India should focus instead on the long-term consequences of Bajwa’s reign which has seen the army's dominance over Pakistan’s polity weaken. Addressing Pakistan’s new internal instabilities might now demand a lot more Indian attention than Rawalpindi’s diplomatic reset

Bajwa has also been a very frequent visitor to the UK, where he has always been welcome. (Illustration by C R Sasikumar)Bajwa has also been a very frequent visitor to the UK, where he has always been welcome. (Illustration by C R Sasikumar)
October 11, 2022 08:48 AM IST First published on: Oct 11, 2022 at 04:10 AM IST

For an Army Chief who says he is retiring next month, Pakistan’s General Qamar Javed Bajwa has been getting a lot of attention. He recently spent nearly a week doing the rounds in Washington and meeting the top echelons of the US establishment. Three factors might explain the renewed American engagement with Pakistan. For one, Pakistan’s army chief never really went out of reckoning in Western capitals. Bajwa was visiting the US after a long time. However, the visit was planned much earlier and had to be rescheduled because of the Covid-19 restrictions.

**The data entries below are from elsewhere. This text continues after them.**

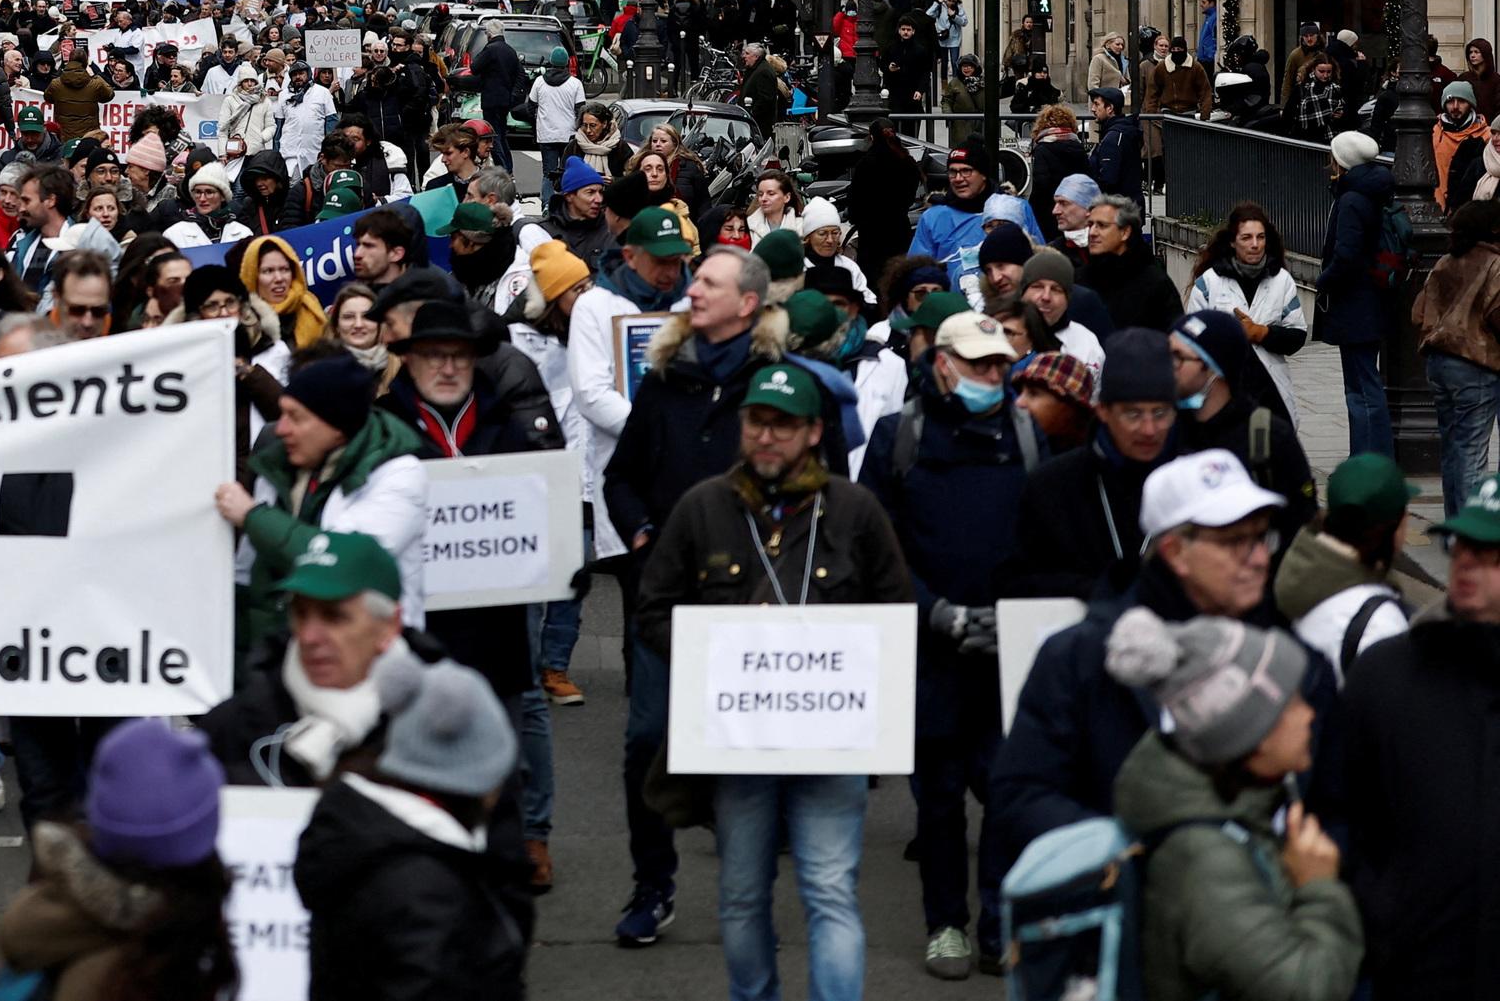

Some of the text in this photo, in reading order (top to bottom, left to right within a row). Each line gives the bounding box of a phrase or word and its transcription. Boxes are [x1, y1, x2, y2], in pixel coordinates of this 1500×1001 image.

[313, 35, 358, 46] GYNECO
[424, 499, 517, 526] FATOME
[419, 534, 539, 564] EMISSION
[741, 650, 845, 674] FATOME
[716, 690, 867, 714] DEMISSION
[228, 863, 295, 892] FAT
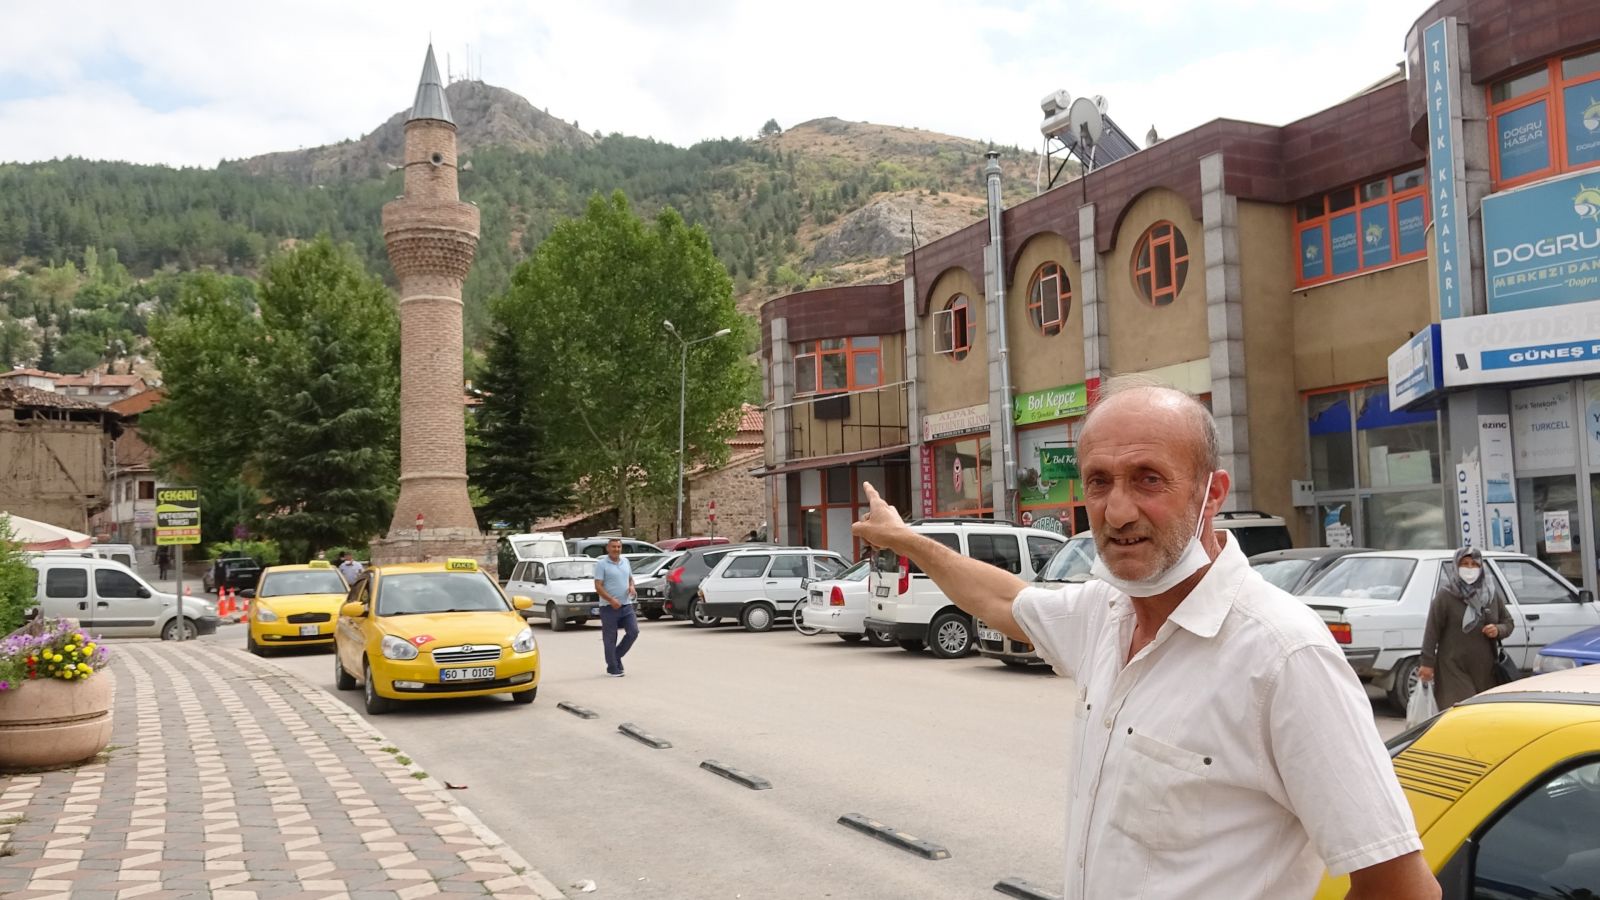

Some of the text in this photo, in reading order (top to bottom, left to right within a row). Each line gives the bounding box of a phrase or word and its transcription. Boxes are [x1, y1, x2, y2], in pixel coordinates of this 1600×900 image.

Bajwa has also been a very frequent visitor to the UK, where he has always been welcome. London has long been a consistent friend of Pakistan and has often acted as its interlocutor in Washington, whose interest in Rawalpindi could be intense and instrumental but also episodic. Bajwa, whether formally in charge or not, is the de facto CEO of the world’s fifth-most populous state. Even more important, Pakistan occupies a vital piece of real estate that sits between the Subcontinent, Iran, Arabia, Central Asia, Russia and China.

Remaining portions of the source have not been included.